Records to use:
------------------------------
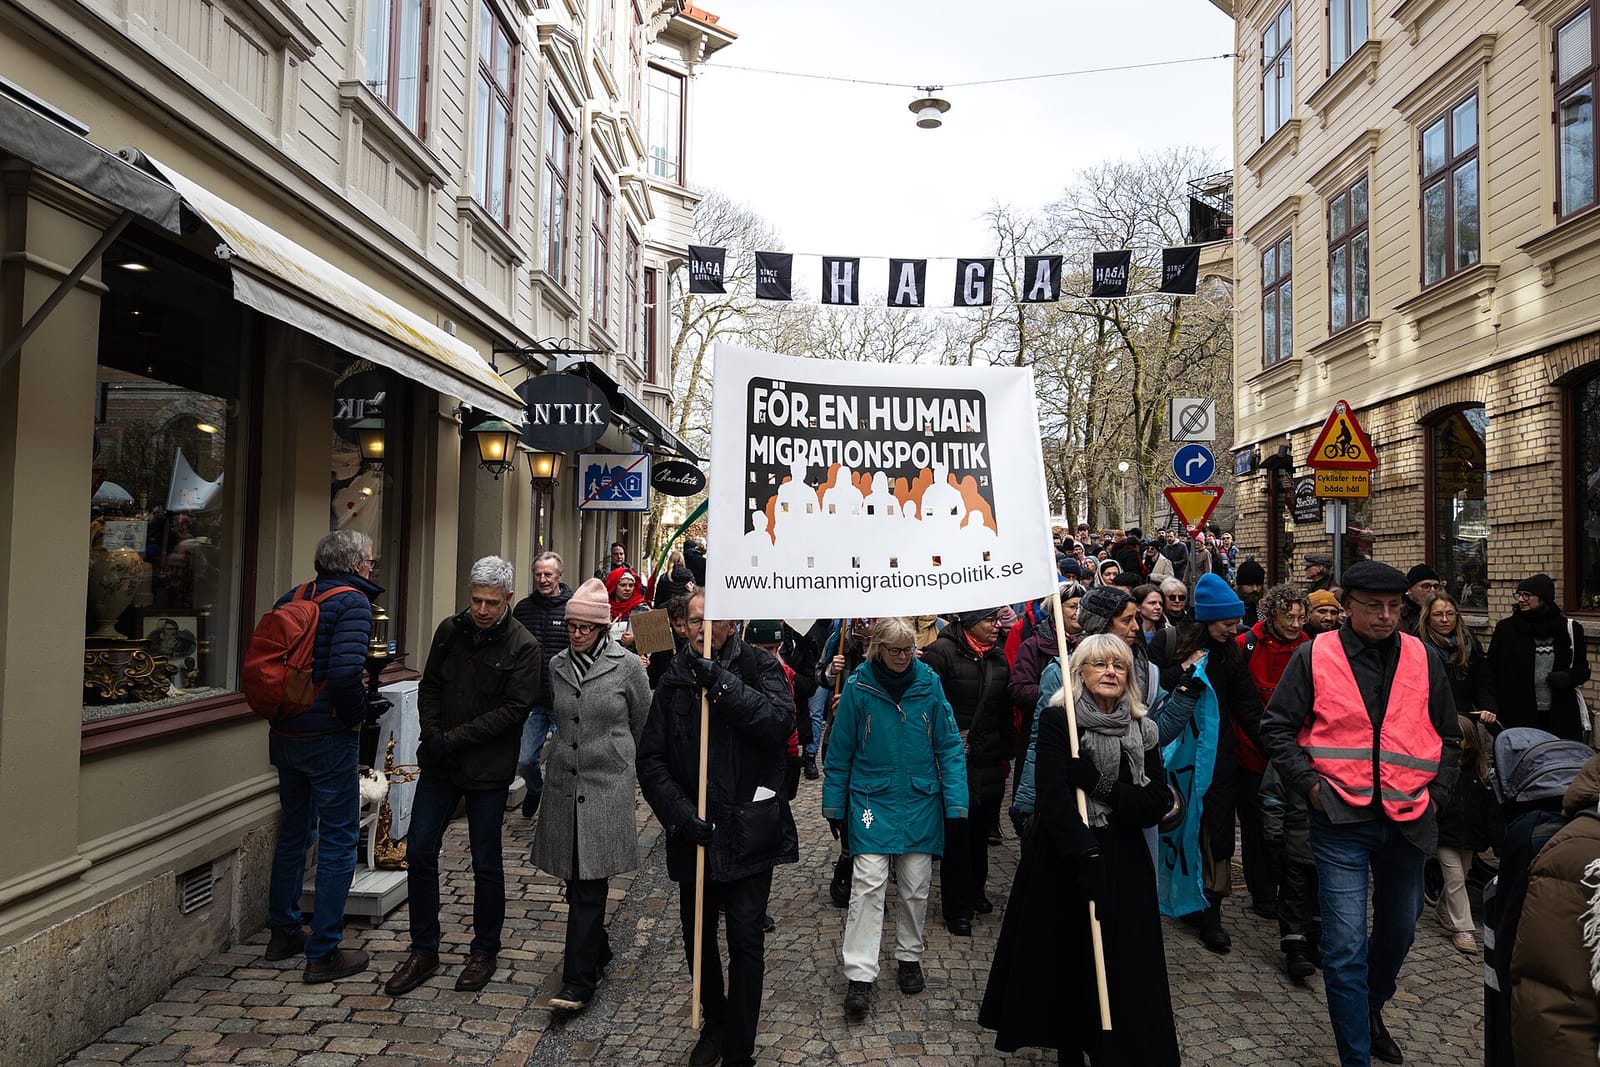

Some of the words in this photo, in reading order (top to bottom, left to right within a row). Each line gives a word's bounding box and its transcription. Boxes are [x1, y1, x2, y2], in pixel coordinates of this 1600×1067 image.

[691, 260, 720, 276] HAGA
[1096, 265, 1125, 282] HAGA
[753, 381, 809, 428] FÖR
[819, 394, 858, 431] EN
[869, 396, 981, 433] HUMAN
[750, 434, 987, 469] MIGRATIONSPOLITIK
[1317, 474, 1349, 482] Cyklister
[1351, 474, 1367, 482] från
[1346, 485, 1360, 493] håll
[725, 559, 1024, 593] www.humanmigrationspolitik.se
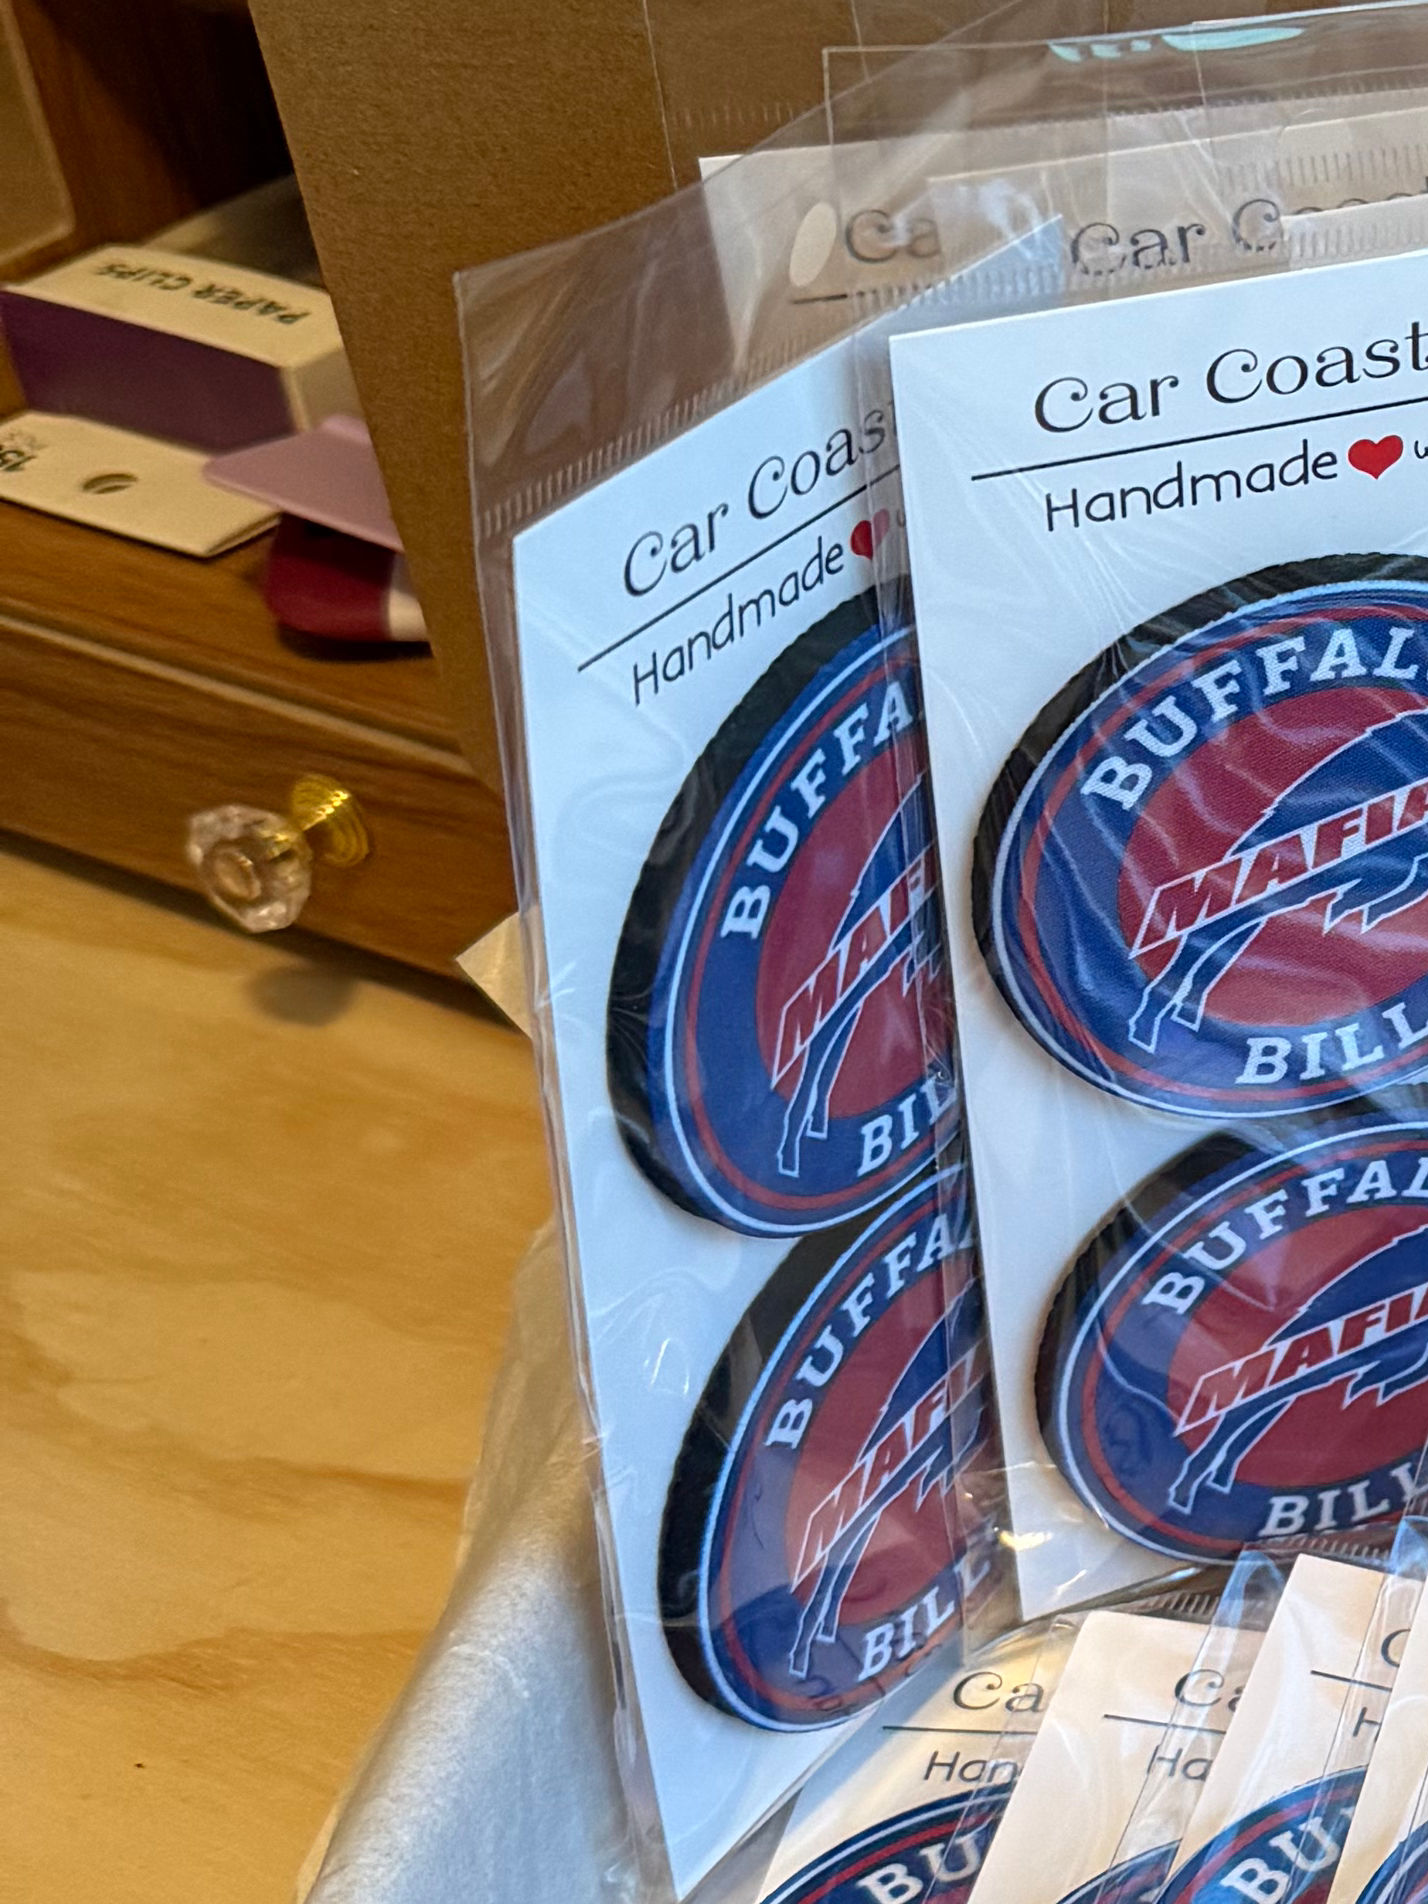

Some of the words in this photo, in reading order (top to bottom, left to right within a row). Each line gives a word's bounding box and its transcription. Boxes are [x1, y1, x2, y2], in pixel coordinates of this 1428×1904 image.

[97, 263, 193, 291] CLIPS
[1071, 219, 1206, 277] Car
[193, 283, 310, 324] PAPER
[1034, 373, 1179, 434] Car
[623, 501, 729, 597] Car
[748, 410, 888, 519] Coas
[1045, 439, 1338, 533] Handmade
[632, 535, 845, 708] Handmade
[720, 680, 915, 940] BUFFA
[858, 1077, 958, 1177] BIL
[764, 1211, 973, 1452] BUFFA
[952, 1670, 1045, 1714] Ca
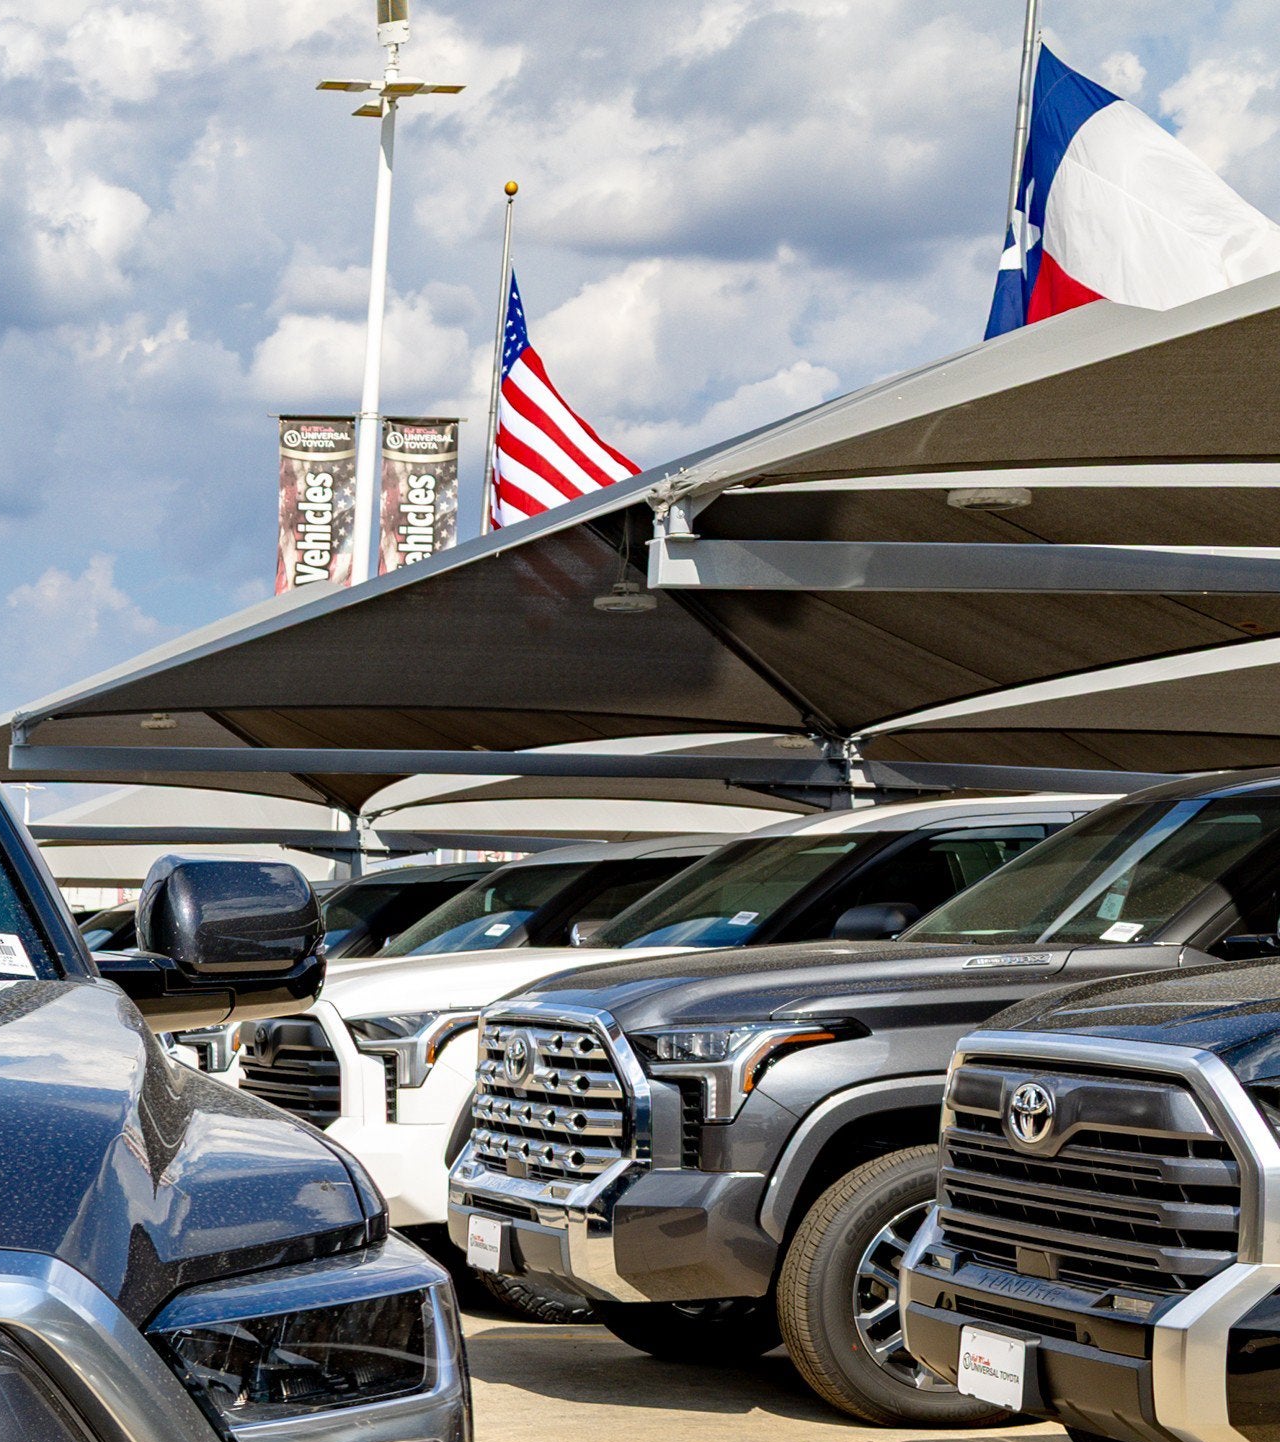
------------------------------
Exercise requirements: Where images occur in the data above, leave them out and repeat everything else exactly.

Exercise answer:
Some of the words in this photo, in reading order (top to bottom, left to right within a row). Each line gives a word's bounding box and its transcription. Boxes are [x1, y1, x2, y2], in pixel coordinates of this 1600×1067 image.

[691, 260, 720, 276] HAGA
[1096, 265, 1125, 282] HAGA
[753, 381, 809, 428] FÖR
[819, 394, 858, 431] EN
[869, 396, 981, 433] HUMAN
[750, 434, 987, 469] MIGRATIONSPOLITIK
[1317, 474, 1349, 482] Cyklister
[1351, 474, 1367, 482] från
[1346, 485, 1360, 493] håll
[725, 559, 1024, 593] www.humanmigrationspolitik.se

Some of the words in this photo, in reading order (top to bottom, left to right within a row). Each line gives a word's bounding box and its transcription. Boxes are [x1, y1, x2, y2], in pixel coordinates of this 1428×1904 image.

[97, 263, 193, 291] CLIPS
[1071, 219, 1206, 277] Car
[193, 283, 310, 324] PAPER
[1034, 373, 1179, 434] Car
[623, 501, 729, 597] Car
[748, 410, 888, 519] Coas
[1045, 439, 1338, 533] Handmade
[632, 535, 845, 708] Handmade
[720, 680, 915, 940] BUFFA
[858, 1077, 958, 1177] BIL
[764, 1211, 973, 1452] BUFFA
[952, 1670, 1045, 1714] Ca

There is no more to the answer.